The input
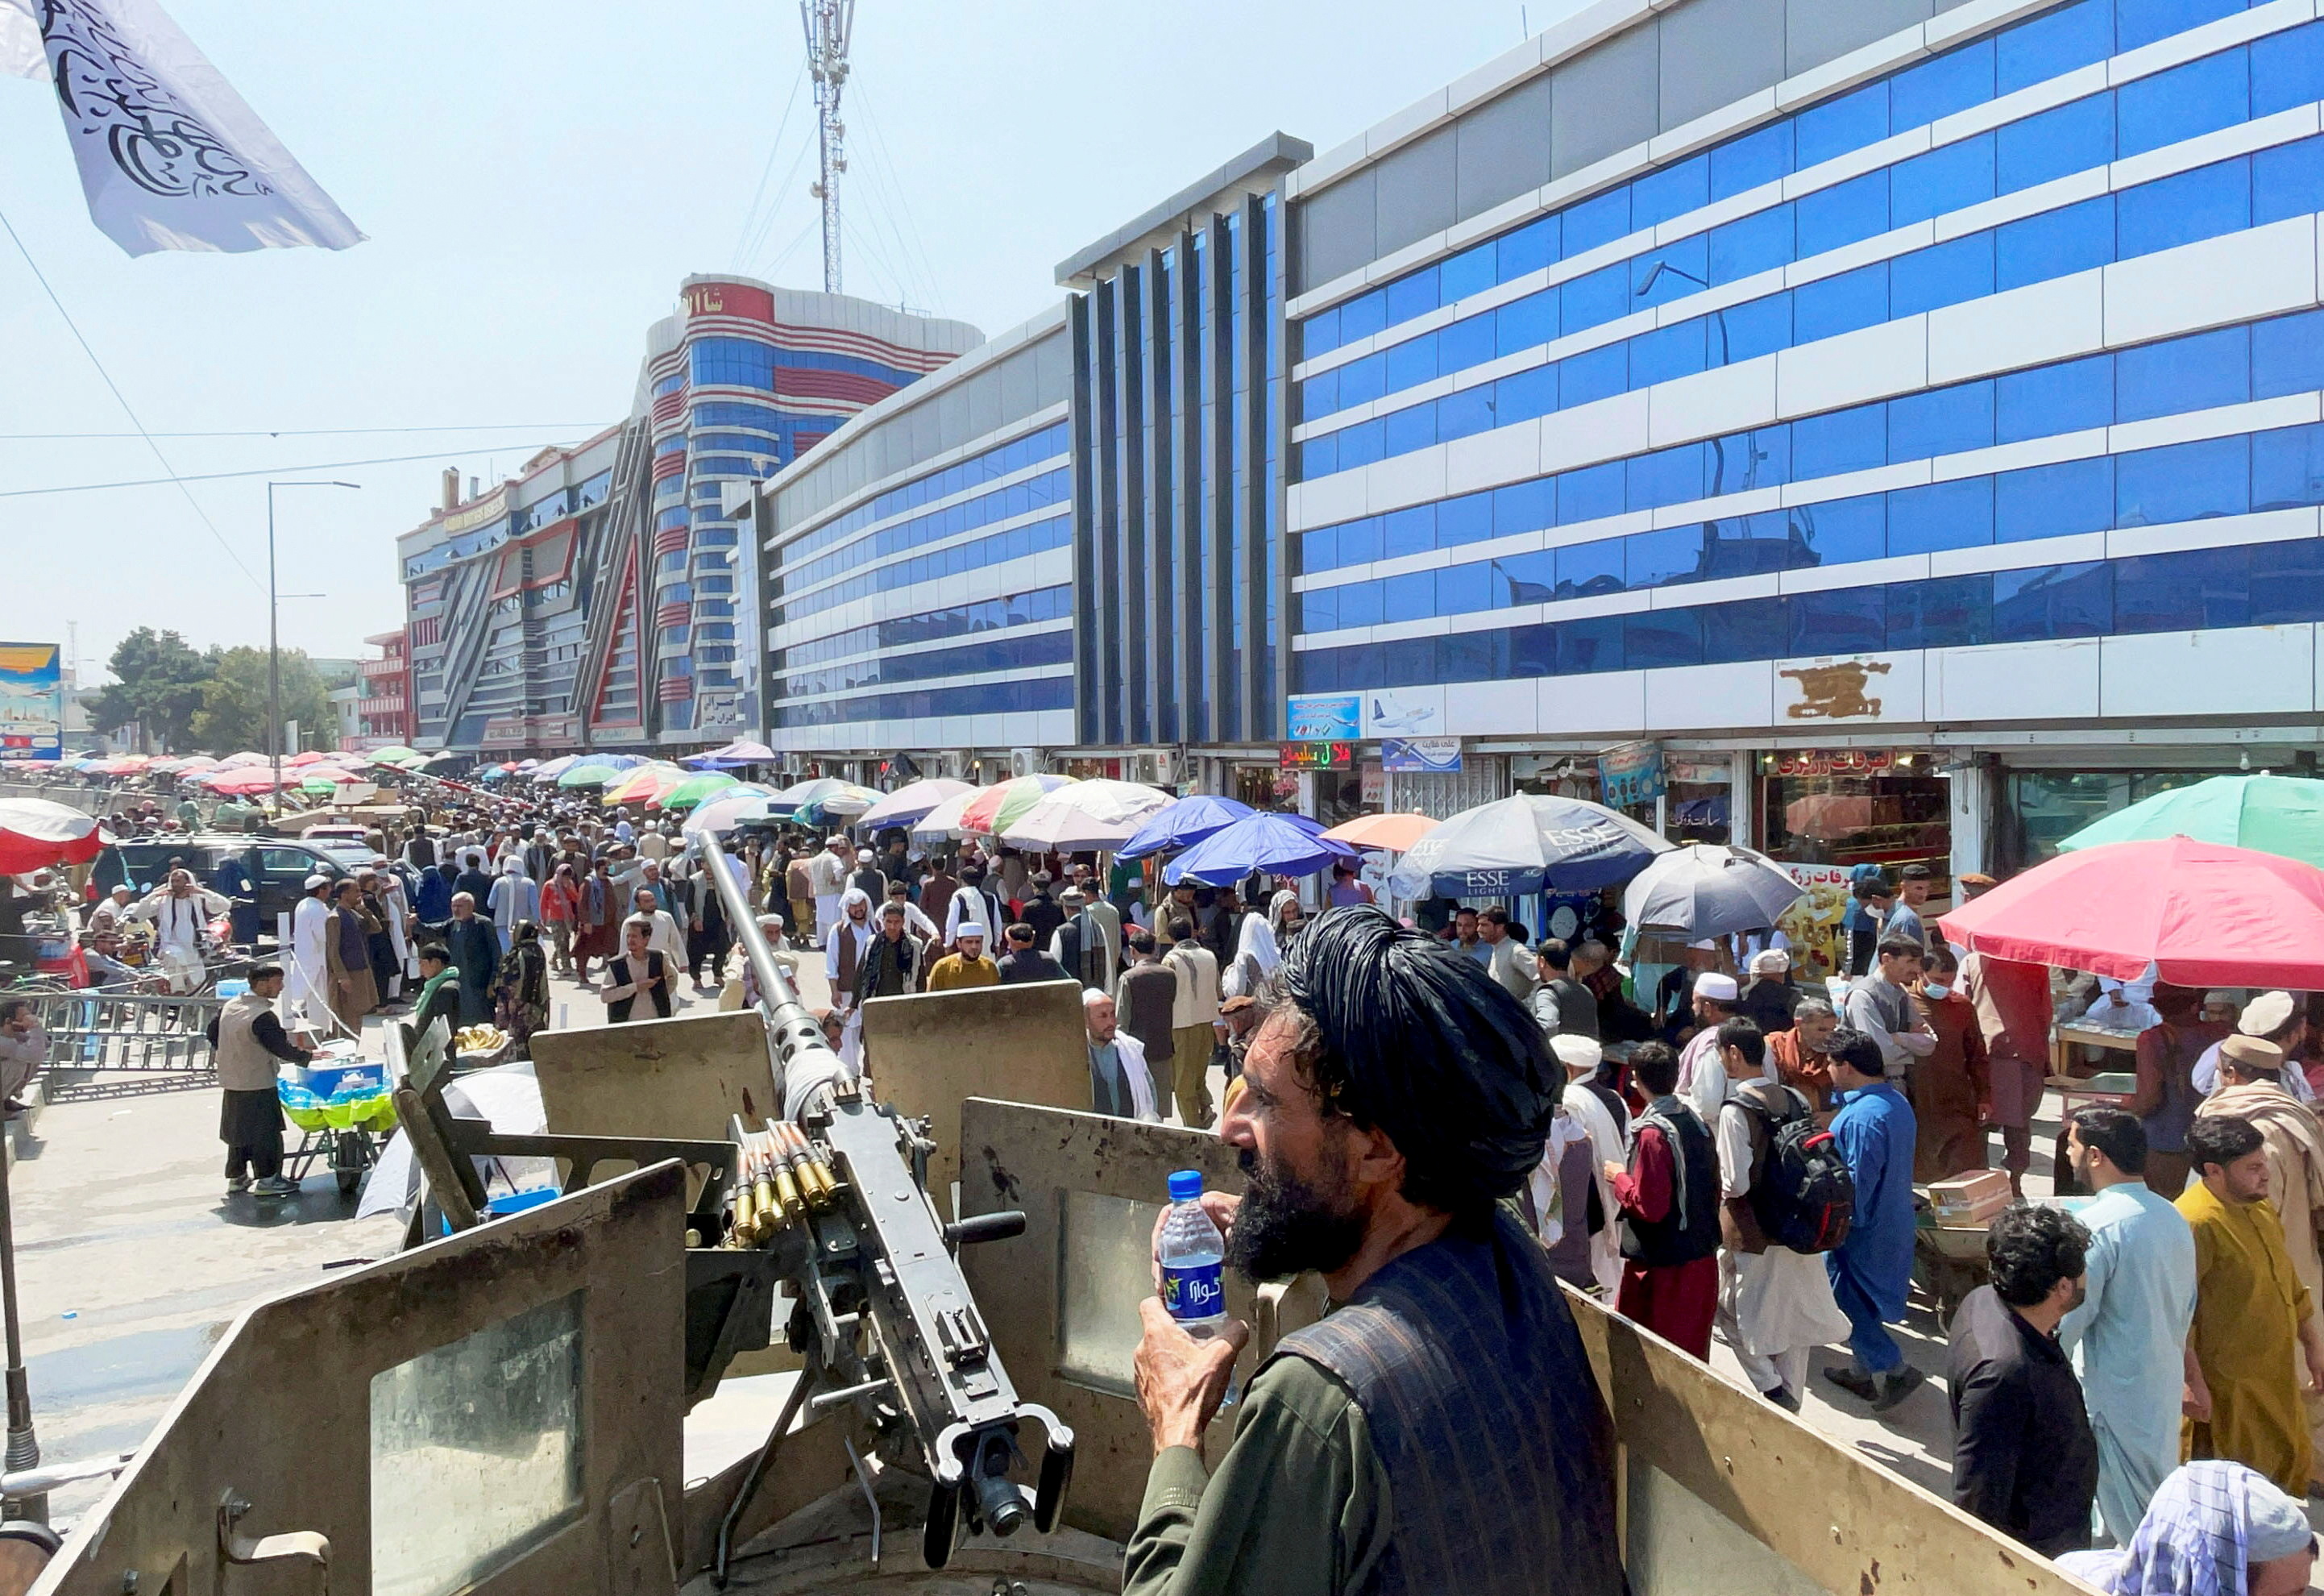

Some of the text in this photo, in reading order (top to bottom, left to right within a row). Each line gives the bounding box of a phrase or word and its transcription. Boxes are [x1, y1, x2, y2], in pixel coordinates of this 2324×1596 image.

[1542, 822, 1625, 847] ESSE
[1466, 870, 1510, 887] ESSE
[1814, 868, 1850, 889] رفات
[1467, 887, 1509, 896] LIGHTS

Work required
Exact copy, no pictures: reproduce every record above.

Completed exercise
Some of the text in this photo, in reading order (top to bottom, left to right within a row). Each line gives the bounding box of a phrase or word and its transcription. Boxes are [x1, y1, x2, y2], in pixel coordinates of this 2324×1596 image.

[1542, 822, 1625, 847] ESSE
[1466, 870, 1510, 887] ESSE
[1814, 868, 1850, 889] رفات
[1467, 887, 1509, 896] LIGHTS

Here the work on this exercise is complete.